It usually takes generations of cultural memory to create a poet like Glen Sorestad, but the recent Member of The Order of Canada has neatly fit his mountain socks inside a farmer’s boots. Even though he was born in Vancouver, on the West Coast of Canada, it is a prairie wind that moves through the polymath who has devoted many years to teaching and publishing literary books at Thistledown Press.

The poems in what we miss, the latest of twenty volumes, could not have been written anywhere but Saskatchewan, where Sorestad was, from the years 2000 to 2004, the poet laureate. The prairie dictates a pragmatic approach, one finger held up to the wind. Its poets listen for the weather, for the migration of birds, for the path of the sun to determine the arrangement of words on a page.

I was ten when I moved with my parents to Saskatchewan to the very rural area where both of my parents had grown up. By the time I graduated from high school at seventeen and was on my own, I thought of myself very much as a prairie boy – not that my earlier childhood had vanished. But those years from ten to seventeen, very important in a boy’s life, were obviously so prairie/rural that no one would have had reason to suggest that I wasn’t prairie through and through. I was at home in the boundless landscape just as I had accustomed to an extreme climate. Much of my earliest writing is overtly prairie-oriented in so many respects that it almost seems amusing to me now. But I realized, long after I began writing seriously, how profoundly I was influenced by Anne Marriot’s poem, “The Wind Our Enemy” and in some respects my early poetry was unknowingly paying homage to Marriot.

But as I wrote more and experienced life in so many different places and parts of the world, I found myself realizing, more and more, that there is a part of me that still is very much in tune with a small section of Vancouver and of Burnaby. This re-surfaces at various times, increasingly, in my writing, as memory takes me back to moments of my pre-teen childhood years. Though I am in my seventies now, I have come to appreciate that there is one-seventh of me that is undeniably West Coast. I can call myself a true-blue, hardcore flatlander, but it can never be entirely true. One reading my poetry from beginning to end – heaven forbid that anyone should feel so compelled – would also find that the poetry discloses this chunk of West Coast in me that can not be denied and that will have its say from time to time in my writing. Just this past January in Cuba, I wrote two poems that are a good illustration of this. Here’s one:

Vancouver, 1942

One part of his childhood
he remembers by the doors.

The front door opened on a loud,
bold world of rattling streetcars
and growling autos, cement sidewalks
and brooding black lamp posts;

the back door opened on a quiet
green space, tiny and tidy with shrubs
and flowers, a walkway leading
to a gate to the back alley.

Visitors rang the doorbell,
entered from the street,
all smiles and laughter.

People who knocked
at the back door never came
into the house. These were
silent Japanese fishermen,
carrying wicker baskets
of fresh Pacific salmon
they sold to my mother.

Unlike fellow Saskatoon poet Anne Szumigalski, who was of the enclosed garden rather than the far horizon, who always heard piano music over the sound of birds and wind in the grass, always quintessentially English, Sorestad became a man of the New World Steppes, his sensibility practical, his mysteries as simple and complicated as the seeds produced by grain.

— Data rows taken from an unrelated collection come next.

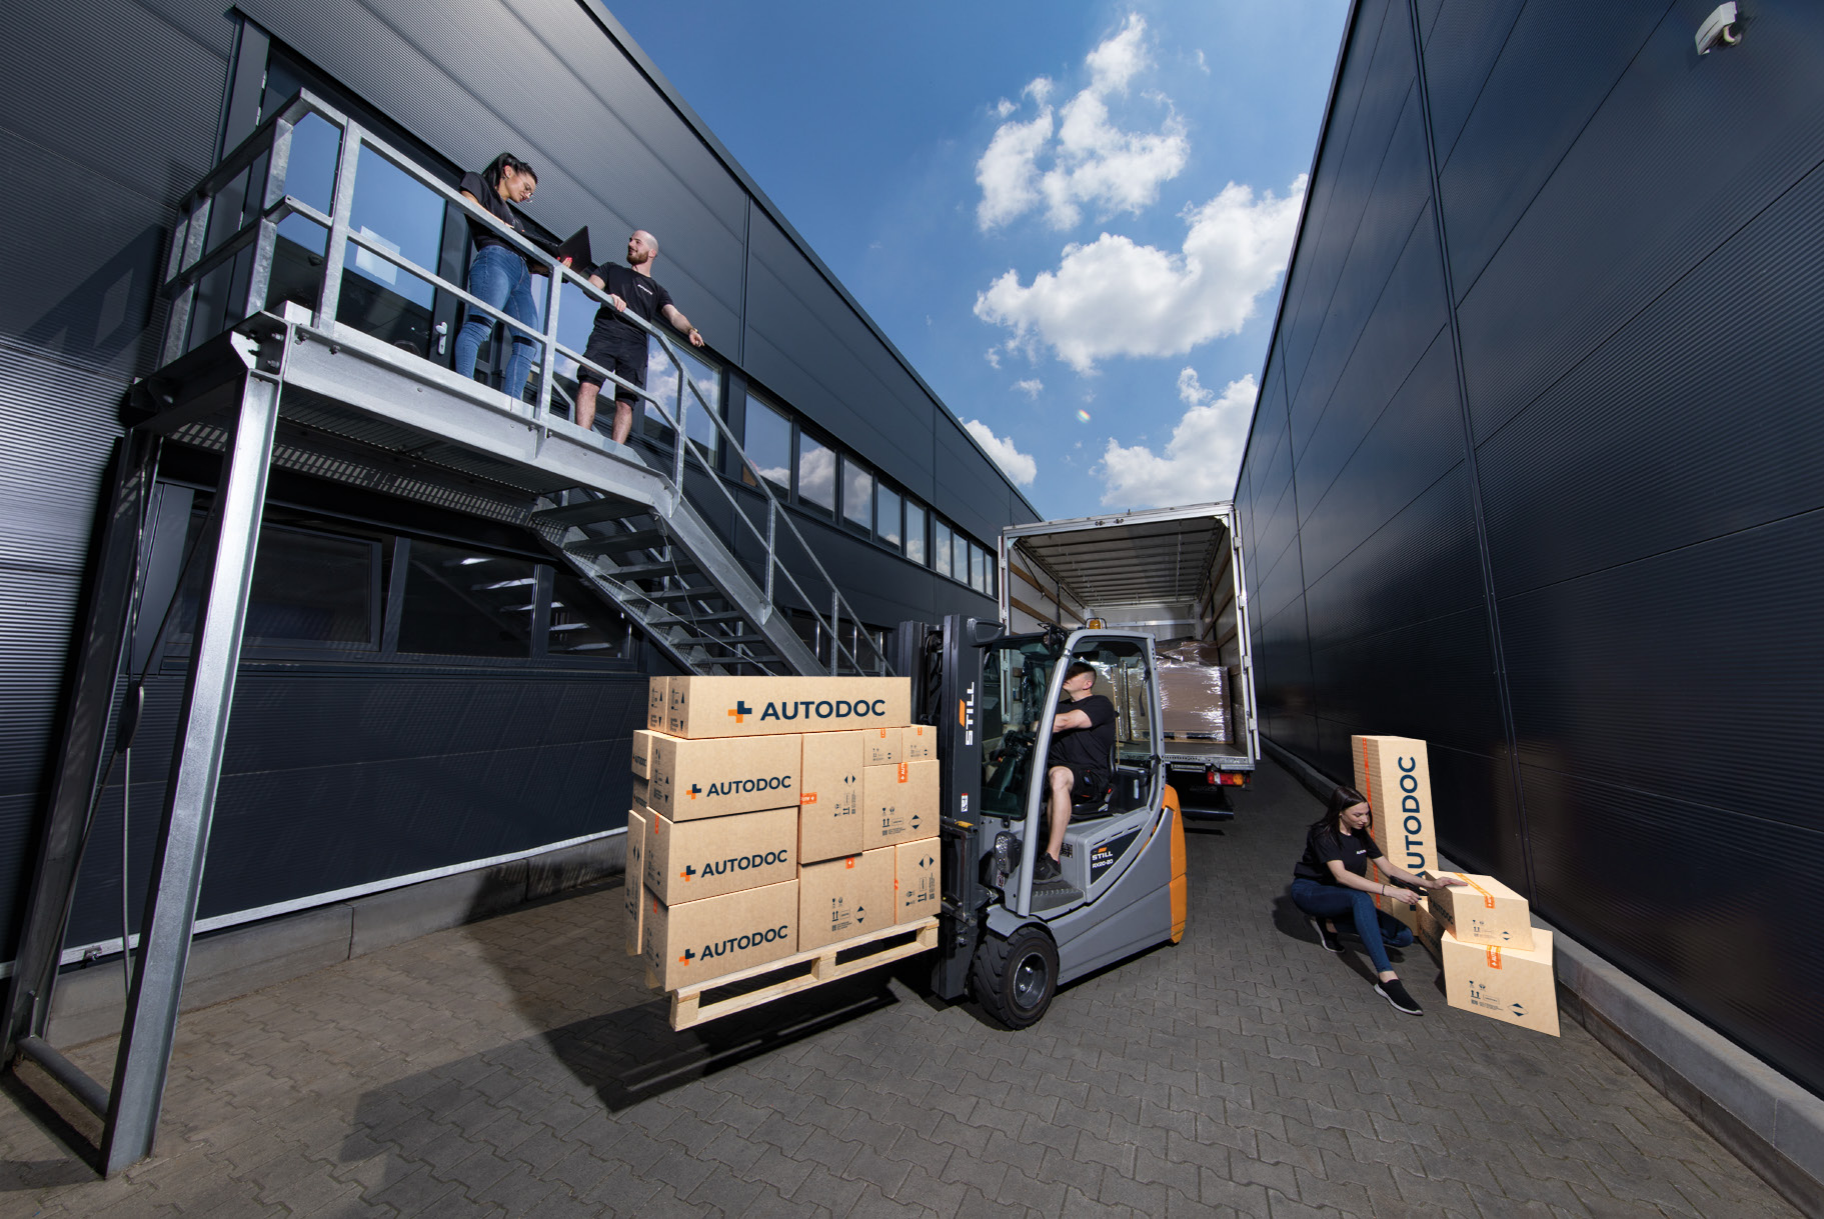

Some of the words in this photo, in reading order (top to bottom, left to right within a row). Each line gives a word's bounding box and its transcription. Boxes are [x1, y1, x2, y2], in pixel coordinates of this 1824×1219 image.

[760, 699, 886, 721] AUTODOC
[965, 681, 975, 746] STILL
[706, 775, 792, 797] AUTODOC
[700, 849, 788, 878] AUTODOC
[1091, 850, 1114, 861] STILL
[699, 925, 789, 961] AUTODOC
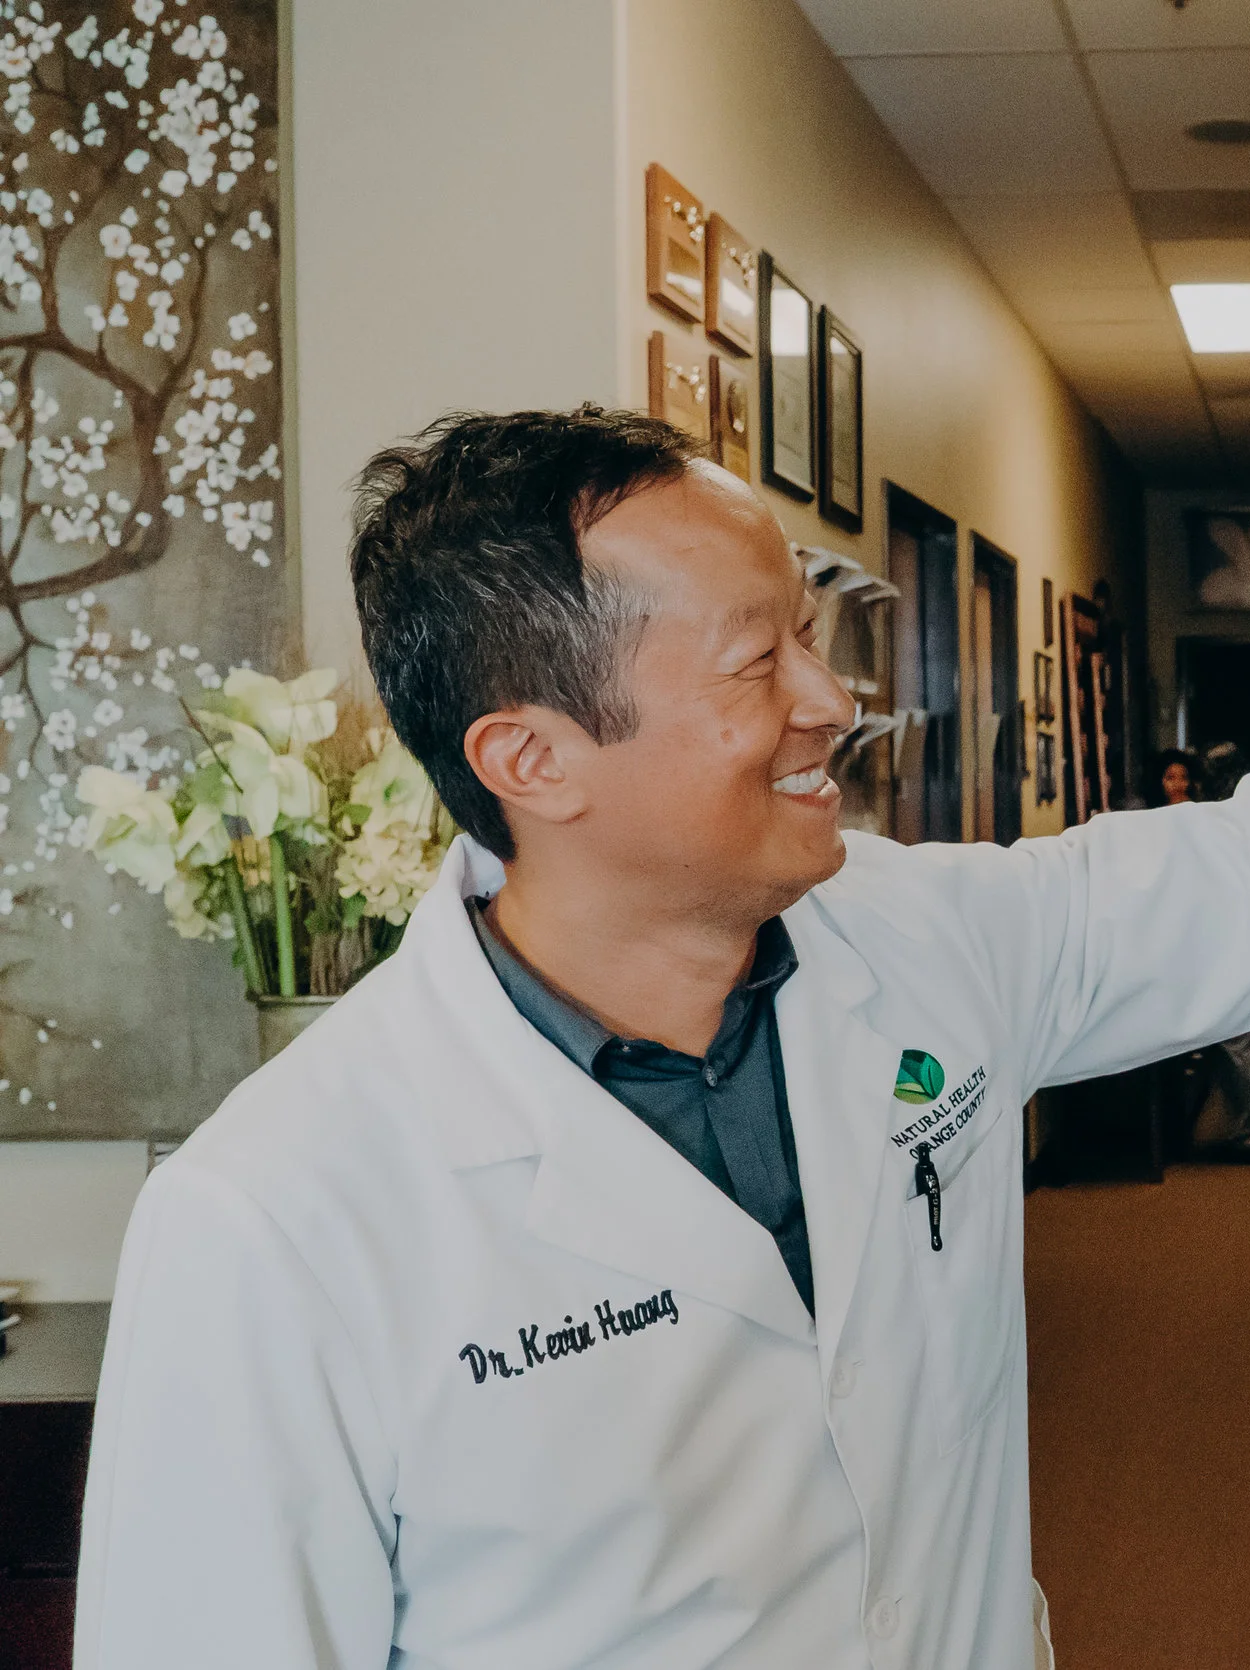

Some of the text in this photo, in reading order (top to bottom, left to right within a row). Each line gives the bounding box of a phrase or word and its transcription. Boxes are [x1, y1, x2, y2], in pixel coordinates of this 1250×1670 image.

[891, 1066, 986, 1147] NATURAL HEALTH
[909, 1086, 986, 1160] OANGE COUNTY
[459, 1290, 679, 1384] Dr. Kevin Huang

Here in Saskatchewan we learn
to hold our tongues.

At the end of the day, a good teacher has made a great cultural contribution. But still the muse teases a poet in those minutes before sleep. Sometimes they are filled with regret. Sorestad explains how he has found the balance in his life and work.

There is no question for me that because teaching, at least for the good teacher, is a very intense creative activity, this means that there is very little left in the creative fuel tank, either at day’s end or by week’s end. I’ve truly admired those notable teachers who somehow managed to accomplish significant writing while teaching full-time because I found this impossible to do while I was teaching English and working late in the evenings either reading student writing or preparing lessons. To balance teaching and writing at the same time with any success requires, it seems to me, a degree of self-discipline and time management that escaped me.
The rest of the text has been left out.